Jess Wilson |
New Zealand Fashion Week shined its pretty head just over a week ago. After completely ignoring it for that past few years, I’m starting to like it again.
When I was a fashion blogger, I never ignored NZFW. I remember, six years ago, sitting at the dinner table at 9pm anxiously waiting with my iPod Touch for the images of the catwalks to hit the blogs. It’s storytime kids...
When the images of the catwalks arrived, accompanied by their blogger reviews (which were always undoubtedly going to be beaming with positivity), I would sit at the dining table digging, and digging, until I had seen every little detail. I would search through agency’s website to find the names of the frequently appearing models, looking at their measurements to see how they compared with mine. I would research what fabrics were used and analyse what references could have been used in the collections. Finally, I would write up little reviews and post them on my Tumblr and Blogger. They provided a nice break from the usual posts about not being able to afford new clothes.
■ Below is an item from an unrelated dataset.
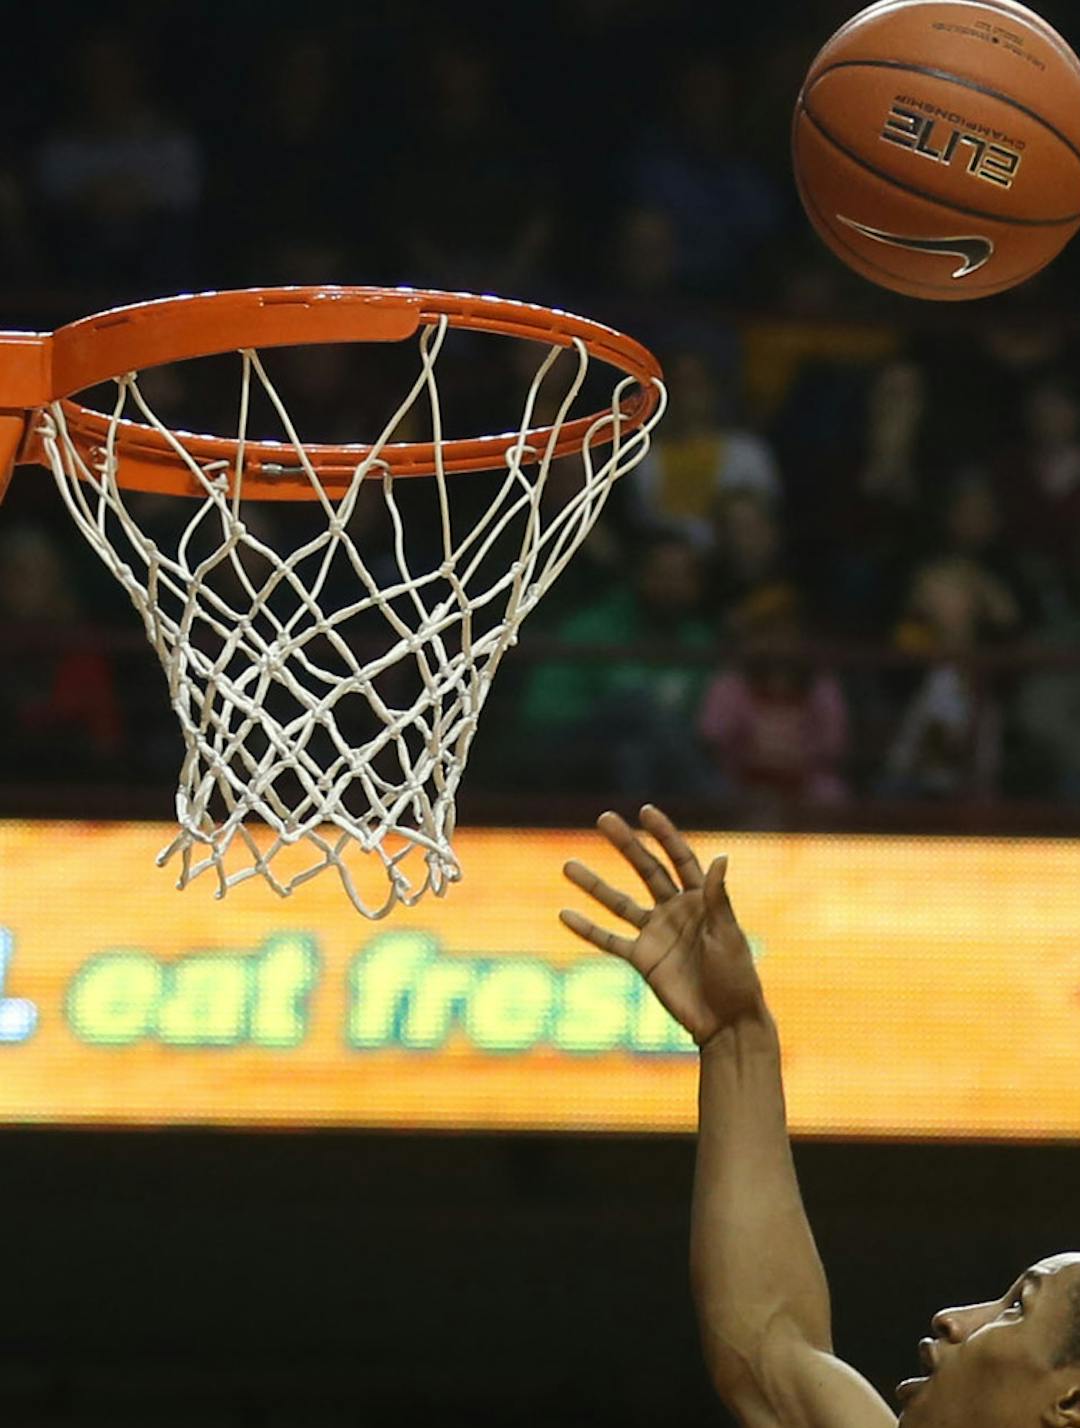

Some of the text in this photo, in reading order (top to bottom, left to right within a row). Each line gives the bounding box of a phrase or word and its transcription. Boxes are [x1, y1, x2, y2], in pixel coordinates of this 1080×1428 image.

[879, 104, 1022, 190] ELITE
[894, 95, 1027, 150] CHAMPIONSHIP
[66, 930, 322, 1047] eat
[345, 930, 701, 1054] fres
NZFW was the highlight of my year. It was a fantasy — and a reachable one. It was decided, by myself no less, that one day I would schmooze with the New Zealand fashion elite. I wanted to be a model, but if that failed, a fashion blogger.
Did I ever make it to NZFW? Yes, as a model (you can read my tips to becoming one on page 33). But by then NZFW was becoming a frustratingly repetitive event, and for one reason: bloggers. Back then the only credible people who wrote about the week were a few bloggers. Each year they would photograph the same models and their reviews were always the same unconditional love for the same designers which bothered to pay attention to them. It was boring and depressing. Thanks to blogging, fashion week was becoming a mutual-admiration-society that even I, as a fashion week model, didn’t seem to be a part of, and so, three years ago, I stopped caring about NZFW.
But this year something changed. The bloggers who once ruled NZFW are no longer a singular voice. After being linked to the reviews coming out of the week, I have found that they are far less bias and for once, critical. Catalogue Magazine’s Courtney Sanders wrote a scathing review about RUBY’s tired attempt at humour by closing their show with made-up male actors jokingly dancing in the collection’s clothes. Sunday Magazine’s Karlya Smith called Sean Kelly’s strapless dresses “impractical” and Stuff’s Kim Knight compared a pair of Third Form’s pants to “grandma's oversized pantyhose”. Scandalous! NZFW has become interesting again, and I can’t wait for next year.